SUPPLIED RECORDS
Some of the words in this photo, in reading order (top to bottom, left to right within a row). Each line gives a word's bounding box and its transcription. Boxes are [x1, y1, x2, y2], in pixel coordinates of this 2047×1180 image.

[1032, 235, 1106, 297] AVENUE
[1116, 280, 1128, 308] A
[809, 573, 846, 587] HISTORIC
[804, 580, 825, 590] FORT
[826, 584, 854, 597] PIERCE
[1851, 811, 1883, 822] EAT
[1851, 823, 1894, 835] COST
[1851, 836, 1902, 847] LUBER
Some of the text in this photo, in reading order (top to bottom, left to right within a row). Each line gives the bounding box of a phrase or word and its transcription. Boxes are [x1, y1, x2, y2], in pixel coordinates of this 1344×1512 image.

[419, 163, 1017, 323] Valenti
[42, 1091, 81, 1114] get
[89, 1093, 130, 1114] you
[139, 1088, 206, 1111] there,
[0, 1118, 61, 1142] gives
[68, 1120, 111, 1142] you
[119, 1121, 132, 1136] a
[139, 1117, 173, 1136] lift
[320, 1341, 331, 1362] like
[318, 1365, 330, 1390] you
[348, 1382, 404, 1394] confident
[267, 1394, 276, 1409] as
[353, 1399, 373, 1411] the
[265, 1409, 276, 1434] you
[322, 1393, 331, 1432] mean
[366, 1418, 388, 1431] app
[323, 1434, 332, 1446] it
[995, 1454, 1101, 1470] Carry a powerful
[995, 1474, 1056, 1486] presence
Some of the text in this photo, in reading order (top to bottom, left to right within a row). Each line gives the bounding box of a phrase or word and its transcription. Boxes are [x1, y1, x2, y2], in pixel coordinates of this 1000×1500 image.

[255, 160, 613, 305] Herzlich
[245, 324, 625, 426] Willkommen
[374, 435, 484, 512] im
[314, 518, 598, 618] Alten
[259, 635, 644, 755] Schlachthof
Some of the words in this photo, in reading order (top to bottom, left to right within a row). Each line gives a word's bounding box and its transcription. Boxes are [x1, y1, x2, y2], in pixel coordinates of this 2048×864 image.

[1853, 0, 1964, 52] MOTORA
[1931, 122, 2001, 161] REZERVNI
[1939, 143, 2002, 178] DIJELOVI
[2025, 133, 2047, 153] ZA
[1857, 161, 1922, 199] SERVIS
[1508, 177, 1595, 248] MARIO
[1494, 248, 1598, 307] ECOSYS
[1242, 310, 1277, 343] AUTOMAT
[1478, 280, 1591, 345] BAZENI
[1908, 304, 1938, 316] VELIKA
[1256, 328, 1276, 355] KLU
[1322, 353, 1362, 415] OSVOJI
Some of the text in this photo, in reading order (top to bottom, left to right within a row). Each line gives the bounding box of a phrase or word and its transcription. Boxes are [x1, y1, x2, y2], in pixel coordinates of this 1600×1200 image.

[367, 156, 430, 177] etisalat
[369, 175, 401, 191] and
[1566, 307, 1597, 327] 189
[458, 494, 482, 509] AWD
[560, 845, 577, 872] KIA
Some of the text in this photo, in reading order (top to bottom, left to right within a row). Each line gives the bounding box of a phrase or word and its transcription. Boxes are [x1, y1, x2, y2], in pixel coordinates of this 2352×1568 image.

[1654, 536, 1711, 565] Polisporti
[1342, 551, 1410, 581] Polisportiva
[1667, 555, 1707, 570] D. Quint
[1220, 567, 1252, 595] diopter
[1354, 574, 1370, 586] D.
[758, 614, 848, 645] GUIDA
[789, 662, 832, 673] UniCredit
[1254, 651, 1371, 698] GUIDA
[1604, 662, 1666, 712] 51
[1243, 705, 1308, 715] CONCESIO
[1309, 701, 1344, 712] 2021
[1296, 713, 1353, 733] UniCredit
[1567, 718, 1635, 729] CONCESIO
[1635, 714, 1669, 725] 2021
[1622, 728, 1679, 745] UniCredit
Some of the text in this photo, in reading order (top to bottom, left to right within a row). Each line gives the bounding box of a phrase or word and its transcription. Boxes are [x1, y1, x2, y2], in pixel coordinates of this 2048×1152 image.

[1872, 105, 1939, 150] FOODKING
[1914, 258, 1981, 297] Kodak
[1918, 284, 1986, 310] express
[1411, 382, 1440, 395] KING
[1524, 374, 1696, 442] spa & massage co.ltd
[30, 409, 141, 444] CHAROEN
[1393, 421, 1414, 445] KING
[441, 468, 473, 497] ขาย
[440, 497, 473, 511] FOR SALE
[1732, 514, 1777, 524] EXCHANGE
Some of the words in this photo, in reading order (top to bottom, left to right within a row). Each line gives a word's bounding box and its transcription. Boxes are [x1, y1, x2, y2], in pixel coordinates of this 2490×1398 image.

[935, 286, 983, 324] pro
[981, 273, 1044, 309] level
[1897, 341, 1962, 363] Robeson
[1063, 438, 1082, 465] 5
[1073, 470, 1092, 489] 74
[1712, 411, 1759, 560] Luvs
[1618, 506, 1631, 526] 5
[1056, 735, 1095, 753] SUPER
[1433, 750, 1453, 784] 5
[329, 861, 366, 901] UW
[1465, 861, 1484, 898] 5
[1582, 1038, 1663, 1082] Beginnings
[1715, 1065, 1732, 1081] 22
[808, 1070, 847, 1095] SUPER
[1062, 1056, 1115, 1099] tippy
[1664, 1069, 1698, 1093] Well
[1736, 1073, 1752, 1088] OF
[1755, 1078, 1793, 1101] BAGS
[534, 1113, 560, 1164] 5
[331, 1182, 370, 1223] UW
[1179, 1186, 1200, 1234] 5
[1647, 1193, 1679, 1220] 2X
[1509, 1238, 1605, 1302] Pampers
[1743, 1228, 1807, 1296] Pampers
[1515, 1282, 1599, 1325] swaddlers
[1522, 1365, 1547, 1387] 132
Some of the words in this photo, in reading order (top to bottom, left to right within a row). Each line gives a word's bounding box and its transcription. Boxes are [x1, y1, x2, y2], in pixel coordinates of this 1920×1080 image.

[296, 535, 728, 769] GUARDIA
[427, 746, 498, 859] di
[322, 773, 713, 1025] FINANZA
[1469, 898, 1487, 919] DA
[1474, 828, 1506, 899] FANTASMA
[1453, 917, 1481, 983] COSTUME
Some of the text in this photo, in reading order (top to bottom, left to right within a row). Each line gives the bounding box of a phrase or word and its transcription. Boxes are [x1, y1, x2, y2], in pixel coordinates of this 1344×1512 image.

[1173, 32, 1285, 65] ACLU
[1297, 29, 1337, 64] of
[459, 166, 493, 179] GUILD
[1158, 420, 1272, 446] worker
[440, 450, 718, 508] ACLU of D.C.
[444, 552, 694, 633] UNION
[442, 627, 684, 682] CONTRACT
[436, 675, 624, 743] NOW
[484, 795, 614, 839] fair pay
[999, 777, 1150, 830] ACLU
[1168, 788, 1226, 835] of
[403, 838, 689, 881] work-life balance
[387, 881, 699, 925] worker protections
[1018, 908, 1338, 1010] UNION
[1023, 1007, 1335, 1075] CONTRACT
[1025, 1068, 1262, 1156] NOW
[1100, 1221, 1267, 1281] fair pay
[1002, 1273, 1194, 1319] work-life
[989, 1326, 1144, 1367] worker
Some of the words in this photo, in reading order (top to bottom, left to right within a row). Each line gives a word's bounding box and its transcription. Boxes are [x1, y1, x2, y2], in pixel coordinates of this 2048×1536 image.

ASSIGNED TASK
Give a verbatim copy of the material above.

RESULT OF THE TASK
Some of the words in this photo, in reading order (top to bottom, left to right within a row). Each line gives a word's bounding box and its transcription. Boxes are [x1, y1, x2, y2], in pixel coordinates of this 2047×1180 image.

[1032, 235, 1106, 297] AVENUE
[1116, 280, 1128, 308] A
[809, 573, 846, 587] HISTORIC
[804, 580, 825, 590] FORT
[826, 584, 854, 597] PIERCE
[1851, 811, 1883, 822] EAT
[1851, 823, 1894, 835] COST
[1851, 836, 1902, 847] LUBER
Some of the text in this photo, in reading order (top to bottom, left to right within a row). Each line gives the bounding box of a phrase or word and its transcription. Boxes are [x1, y1, x2, y2], in pixel coordinates of this 1344×1512 image.

[419, 163, 1017, 323] Valenti
[42, 1091, 81, 1114] get
[89, 1093, 130, 1114] you
[139, 1088, 206, 1111] there,
[0, 1118, 61, 1142] gives
[68, 1120, 111, 1142] you
[119, 1121, 132, 1136] a
[139, 1117, 173, 1136] lift
[320, 1341, 331, 1362] like
[318, 1365, 330, 1390] you
[348, 1382, 404, 1394] confident
[267, 1394, 276, 1409] as
[353, 1399, 373, 1411] the
[265, 1409, 276, 1434] you
[322, 1393, 331, 1432] mean
[366, 1418, 388, 1431] app
[323, 1434, 332, 1446] it
[995, 1454, 1101, 1470] Carry a powerful
[995, 1474, 1056, 1486] presence
Some of the text in this photo, in reading order (top to bottom, left to right within a row). Each line gives the bounding box of a phrase or word and its transcription. Boxes are [x1, y1, x2, y2], in pixel coordinates of this 1000×1500 image.

[255, 160, 613, 305] Herzlich
[245, 324, 625, 426] Willkommen
[374, 435, 484, 512] im
[314, 518, 598, 618] Alten
[259, 635, 644, 755] Schlachthof
Some of the words in this photo, in reading order (top to bottom, left to right within a row). Each line gives a word's bounding box and its transcription. Boxes are [x1, y1, x2, y2], in pixel coordinates of this 2048×864 image.

[1853, 0, 1964, 52] MOTORA
[1931, 122, 2001, 161] REZERVNI
[1939, 143, 2002, 178] DIJELOVI
[2025, 133, 2047, 153] ZA
[1857, 161, 1922, 199] SERVIS
[1508, 177, 1595, 248] MARIO
[1494, 248, 1598, 307] ECOSYS
[1242, 310, 1277, 343] AUTOMAT
[1478, 280, 1591, 345] BAZENI
[1908, 304, 1938, 316] VELIKA
[1256, 328, 1276, 355] KLU
[1322, 353, 1362, 415] OSVOJI
Some of the text in this photo, in reading order (top to bottom, left to right within a row). Each line gives the bounding box of a phrase or word and its transcription. Boxes are [x1, y1, x2, y2], in pixel coordinates of this 1600×1200 image.

[367, 156, 430, 177] etisalat
[369, 175, 401, 191] and
[1566, 307, 1597, 327] 189
[458, 494, 482, 509] AWD
[560, 845, 577, 872] KIA
Some of the text in this photo, in reading order (top to bottom, left to right within a row). Each line gives the bounding box of a phrase or word and its transcription. Boxes are [x1, y1, x2, y2], in pixel coordinates of this 2352×1568 image.

[1654, 536, 1711, 565] Polisporti
[1342, 551, 1410, 581] Polisportiva
[1667, 555, 1707, 570] D. Quint
[1220, 567, 1252, 595] diopter
[1354, 574, 1370, 586] D.
[758, 614, 848, 645] GUIDA
[789, 662, 832, 673] UniCredit
[1254, 651, 1371, 698] GUIDA
[1604, 662, 1666, 712] 51
[1243, 705, 1308, 715] CONCESIO
[1309, 701, 1344, 712] 2021
[1296, 713, 1353, 733] UniCredit
[1567, 718, 1635, 729] CONCESIO
[1635, 714, 1669, 725] 2021
[1622, 728, 1679, 745] UniCredit
Some of the text in this photo, in reading order (top to bottom, left to right within a row). Each line gives the bounding box of a phrase or word and its transcription. Boxes are [x1, y1, x2, y2], in pixel coordinates of this 2048×1152 image.

[1872, 105, 1939, 150] FOODKING
[1914, 258, 1981, 297] Kodak
[1918, 284, 1986, 310] express
[1411, 382, 1440, 395] KING
[1524, 374, 1696, 442] spa & massage co.ltd
[30, 409, 141, 444] CHAROEN
[1393, 421, 1414, 445] KING
[441, 468, 473, 497] ขาย
[440, 497, 473, 511] FOR SALE
[1732, 514, 1777, 524] EXCHANGE
Some of the words in this photo, in reading order (top to bottom, left to right within a row). Each line gives a word's bounding box and its transcription. Boxes are [x1, y1, x2, y2], in pixel coordinates of this 2490×1398 image.

[935, 286, 983, 324] pro
[981, 273, 1044, 309] level
[1897, 341, 1962, 363] Robeson
[1063, 438, 1082, 465] 5
[1073, 470, 1092, 489] 74
[1712, 411, 1759, 560] Luvs
[1618, 506, 1631, 526] 5
[1056, 735, 1095, 753] SUPER
[1433, 750, 1453, 784] 5
[329, 861, 366, 901] UW
[1465, 861, 1484, 898] 5
[1582, 1038, 1663, 1082] Beginnings
[1715, 1065, 1732, 1081] 22
[808, 1070, 847, 1095] SUPER
[1062, 1056, 1115, 1099] tippy
[1664, 1069, 1698, 1093] Well
[1736, 1073, 1752, 1088] OF
[1755, 1078, 1793, 1101] BAGS
[534, 1113, 560, 1164] 5
[331, 1182, 370, 1223] UW
[1179, 1186, 1200, 1234] 5
[1647, 1193, 1679, 1220] 2X
[1509, 1238, 1605, 1302] Pampers
[1743, 1228, 1807, 1296] Pampers
[1515, 1282, 1599, 1325] swaddlers
[1522, 1365, 1547, 1387] 132
Some of the words in this photo, in reading order (top to bottom, left to right within a row). Each line gives a word's bounding box and its transcription. Boxes are [x1, y1, x2, y2], in pixel coordinates of this 1920×1080 image.

[296, 535, 728, 769] GUARDIA
[427, 746, 498, 859] di
[322, 773, 713, 1025] FINANZA
[1469, 898, 1487, 919] DA
[1474, 828, 1506, 899] FANTASMA
[1453, 917, 1481, 983] COSTUME
Some of the text in this photo, in reading order (top to bottom, left to right within a row). Each line gives the bounding box of a phrase or word and its transcription. Boxes are [x1, y1, x2, y2], in pixel coordinates of this 1344×1512 image.

[1173, 32, 1285, 65] ACLU
[1297, 29, 1337, 64] of
[459, 166, 493, 179] GUILD
[1158, 420, 1272, 446] worker
[440, 450, 718, 508] ACLU of D.C.
[444, 552, 694, 633] UNION
[442, 627, 684, 682] CONTRACT
[436, 675, 624, 743] NOW
[484, 795, 614, 839] fair pay
[999, 777, 1150, 830] ACLU
[1168, 788, 1226, 835] of
[403, 838, 689, 881] work-life balance
[387, 881, 699, 925] worker protections
[1018, 908, 1338, 1010] UNION
[1023, 1007, 1335, 1075] CONTRACT
[1025, 1068, 1262, 1156] NOW
[1100, 1221, 1267, 1281] fair pay
[1002, 1273, 1194, 1319] work-life
[989, 1326, 1144, 1367] worker
Some of the words in this photo, in reading order (top to bottom, left to right within a row). Each line gives a word's bounding box and its transcription. Boxes are [x1, y1, x2, y2], in pixel coordinates of this 2048×1536 image.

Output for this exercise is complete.